TASK ITEM: Retype the material so that each line matches the original exactly.

——————————

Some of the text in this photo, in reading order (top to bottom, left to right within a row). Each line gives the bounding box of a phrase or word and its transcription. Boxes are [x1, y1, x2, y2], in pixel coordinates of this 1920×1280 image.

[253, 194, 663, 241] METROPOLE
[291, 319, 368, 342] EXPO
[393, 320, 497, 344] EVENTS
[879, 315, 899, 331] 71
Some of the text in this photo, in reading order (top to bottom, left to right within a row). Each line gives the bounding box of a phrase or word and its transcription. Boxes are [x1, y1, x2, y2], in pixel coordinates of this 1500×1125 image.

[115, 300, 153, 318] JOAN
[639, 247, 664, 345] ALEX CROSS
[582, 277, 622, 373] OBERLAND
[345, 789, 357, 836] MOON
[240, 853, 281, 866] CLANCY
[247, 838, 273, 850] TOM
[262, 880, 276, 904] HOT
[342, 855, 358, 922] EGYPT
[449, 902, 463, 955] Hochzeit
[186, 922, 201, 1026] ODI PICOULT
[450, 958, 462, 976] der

——————————

RESULT:
Some of the text in this photo, in reading order (top to bottom, left to right within a row). Each line gives the bounding box of a phrase or word and its transcription. Boxes are [x1, y1, x2, y2], in pixel coordinates of this 1920×1280 image.

[253, 194, 663, 241] METROPOLE
[291, 319, 368, 342] EXPO
[393, 320, 497, 344] EVENTS
[879, 315, 899, 331] 71
Some of the text in this photo, in reading order (top to bottom, left to right within a row). Each line gives the bounding box of a phrase or word and its transcription. Boxes are [x1, y1, x2, y2], in pixel coordinates of this 1500×1125 image.

[115, 300, 153, 318] JOAN
[639, 247, 664, 345] ALEX CROSS
[582, 277, 622, 373] OBERLAND
[345, 789, 357, 836] MOON
[240, 853, 281, 866] CLANCY
[247, 838, 273, 850] TOM
[262, 880, 276, 904] HOT
[342, 855, 358, 922] EGYPT
[449, 902, 463, 955] Hochzeit
[186, 922, 201, 1026] ODI PICOULT
[450, 958, 462, 976] der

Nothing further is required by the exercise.